Lahirnya Raja Para Dewa 2

Lahirnya Raja Para Dewa 2
Kebahagiaan Kelompok Bai Han


__ADS_3

Sementara Antoni yang melihat ini kini layaknya orang asing, ia hanya melihat kiri kanan berulang kali layaknya nyamuk yang linglung.


Lalu Ratu Diane hanya bisa menahan amarah setiap waktu karena di abaikan dari tadi.


“Hemm..!! Apa yang membuatmu kemari Ratu Elf?” Tanya Bai An kini memandang ke arah Ratu Diane.


Wajah Sintia, Ariel dan Antoni terkejut mendengar pertanyaan Bai An.


“Apakah?” Ucap Ariel kini dengan tubuh bergetar hebat.


“Benar, ia adalah Ratu mu yang dulu di kabarkan menghilang,” ucap Bai An memandang ke arah Ariel.


Ariel dan Antoni langsung melihat ke arah Ratu Diane dengan wajah campur aduk, kesalnya di sana, amarahnya di sana, rasa ibanya pun di sana.


Bruk..!!


“Ingin rasanya aku membunuhmu Yang mulia, karena kau menghilang membuat semua Ras Elf kalangan bawah dan yang setia kepadamu menderita,” ucap Ariel menahan emosinya.


“Aku tak tahu harus mengatakan apa lagi karena terlalu banyak yang ingin aku tanyakan kepadamu Yang Mulia, tapi hanya satu yang ingin aku pertanyakan.” Ucap Bai An dengan nada serius.
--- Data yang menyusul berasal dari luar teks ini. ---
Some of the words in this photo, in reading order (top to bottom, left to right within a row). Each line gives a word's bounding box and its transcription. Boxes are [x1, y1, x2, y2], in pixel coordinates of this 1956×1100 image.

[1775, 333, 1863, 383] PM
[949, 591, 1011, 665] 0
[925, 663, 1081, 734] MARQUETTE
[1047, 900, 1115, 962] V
“Mengapa kau baru muncul sekarang? Dan apa tujuanmu mendatangi Kakak Ling Bai?” Tatapan mata Antoni kini mengarah ke Ratu Elf Diane.


Ratu Elf Diane yang mendengar keluh kesah rakyatnya kini hanya bisa terdiam sambil mengigit bibirnya, tangannya terkepal erat saat ini.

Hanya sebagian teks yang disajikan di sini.